El paso inicial es acertado

Que el texto del anteproyecto de ley de urgencia haya sido puesto a disposición de toda la ciudadanía casi al mismo tiempo que lo conocieron los legisladores de la electa coalición que habrá de asumir el mes próximo es un acierto y lo compartimos.

Que se haya insistido que se trata de un anteproyecto abierto y sus impulsores estén dispuestos a escuchar a todos quienes tengan algo para sugerir, modificar o suprimir es seguramente otro acierto.
Obviamente que cuando esto decimos no estamos pronunciándonos sobre el contenido que aún no hemos leído en profundidad, sino con respecto al sistema elegido, la propuesta, en una palabra el continente y no el contenido.
Sabemos que el extenso texto se pronuncia y sugiere medidas en relación a los problemas más candentes que afligen a los uruguayos. Entre éstos: seguridad, educación, trabajo, vivienda, medio ambiente.
Seguramente luego vendrá la discusión, los diferentes enfoques y el tiempo de las discrepancias, pero eso también es positivo para la democracia, si se hace con el debido respeto.

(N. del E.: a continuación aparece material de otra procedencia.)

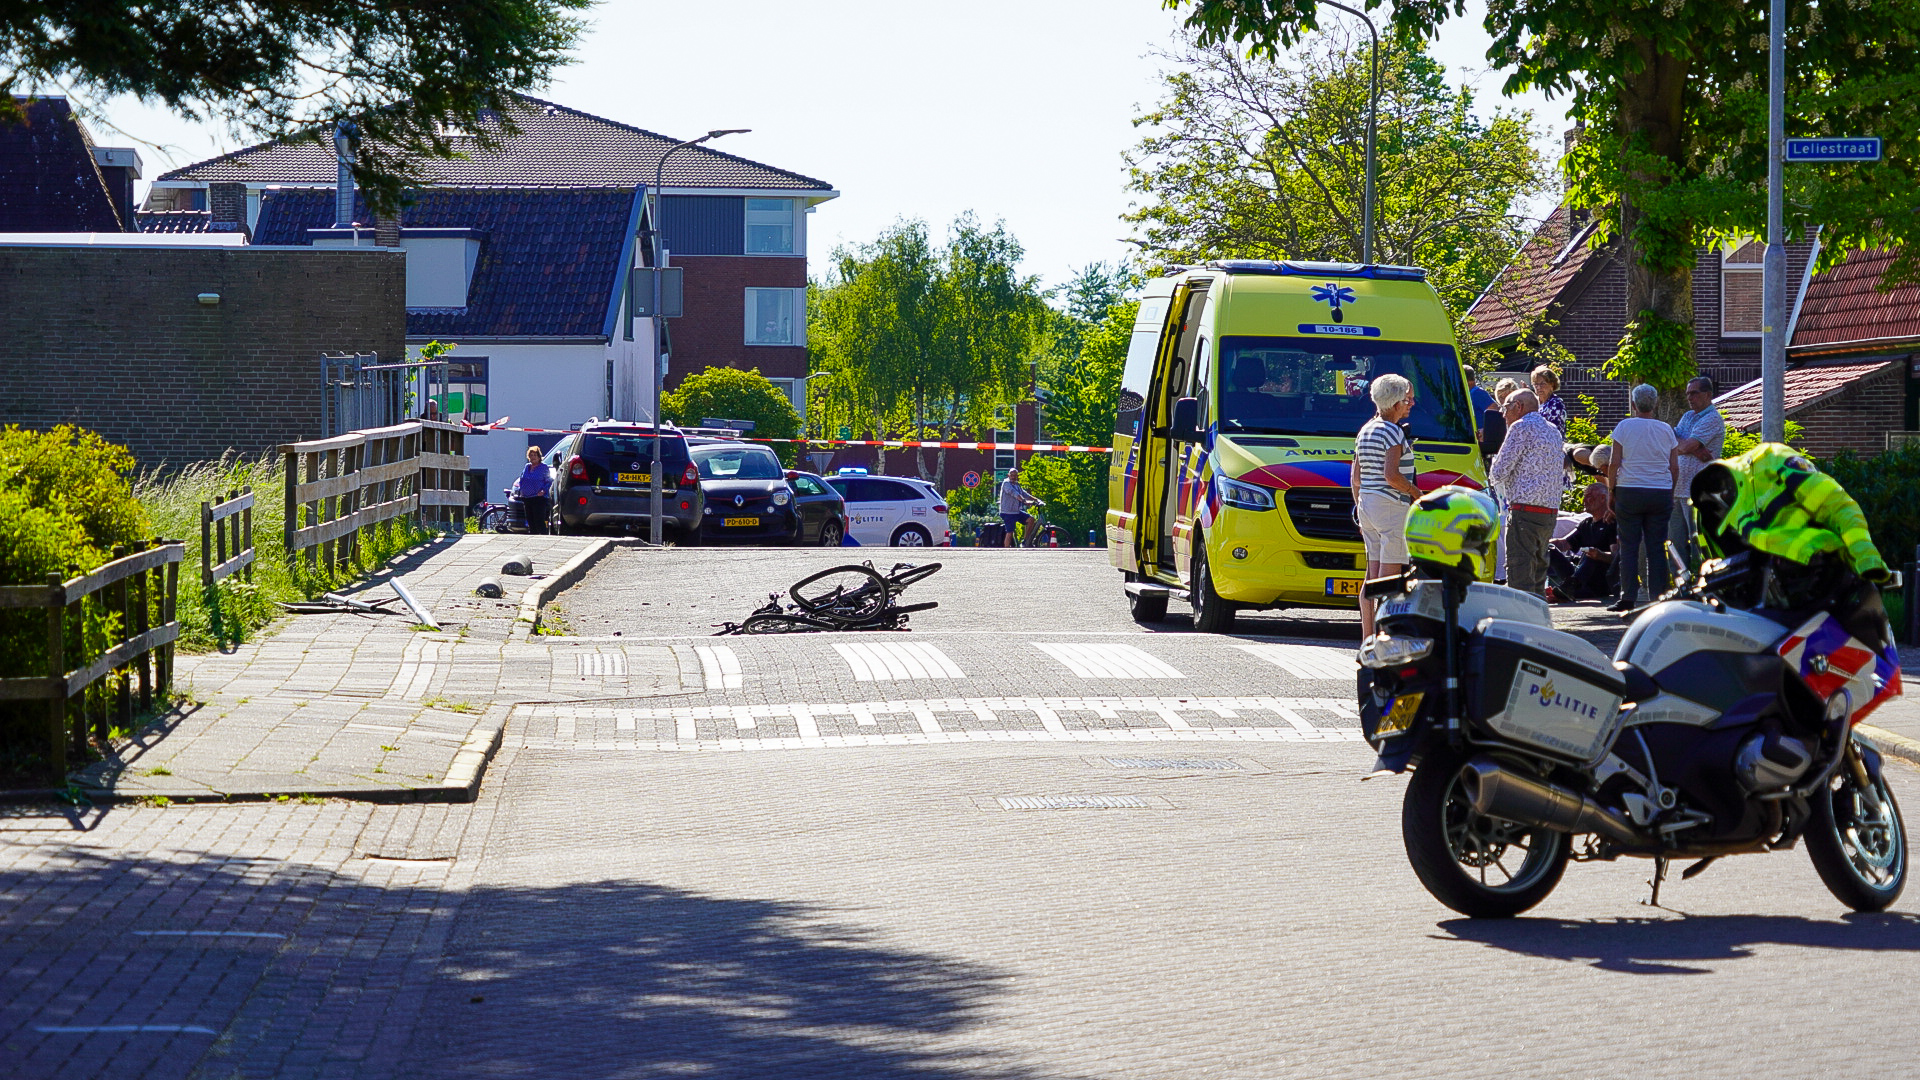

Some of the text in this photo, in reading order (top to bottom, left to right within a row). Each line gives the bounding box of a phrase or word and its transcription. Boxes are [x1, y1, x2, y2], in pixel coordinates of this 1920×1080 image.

[1793, 143, 1873, 154] Leliestraat
[726, 518, 758, 526] PD-610-D
[850, 515, 884, 525] POLITIE
[1340, 580, 1361, 594] R-1
[1529, 682, 1599, 720] POLITIE

No se trata de imponer, sino de exponer y los argumentos más sólidos deben ser capaces de convencer a todas las personas capaces de razonar. En pocas palabras no se trata de imponer “la razón de la fuerza”, sino de convencer con “la fuerza de la razón”.
Cuando las posiciones ideológicas “copan” la discusión, esta se vuelve un diálogo de sordos y esto marca inexorablemente el final del diálogo, de la apertura y del razonamiento, para dar paso a posiciones necias, testarudas y soberbias que en el ambiente parlamentario se conoce como las “manos de yeso”, cuando se vota por “disciplina” política y se deja de lado la razón. Nada bien le hace a una democracia precisamente.
Uruguay es un país altamente politizado, seguramente no más que otros países de la región, pero no por eso debe mostrarse como una ciudadanía testaruda, incapaz de analizar y de ver más allá de lo que se muestra o presume por parte de los lideres u otras personas que tienen sus intereses.
Es en estos momentos en que se deben limar asperezas, encontrarse todos los ciudadanos capaces de analizar, de ver más allá de sus narices, para hallar el mejor camino para lograr lo que de alguna manera todos queremos.
Tener un país en el que todos podamos vivir mejor, que haya paz, tranquilidad, trabajo y buenas perspectivas para todos es lo que anhelamos. En cuanto admitamos que este es el objetivo más preciado para todos, seguramente hallaremos los caminos para lograrlos.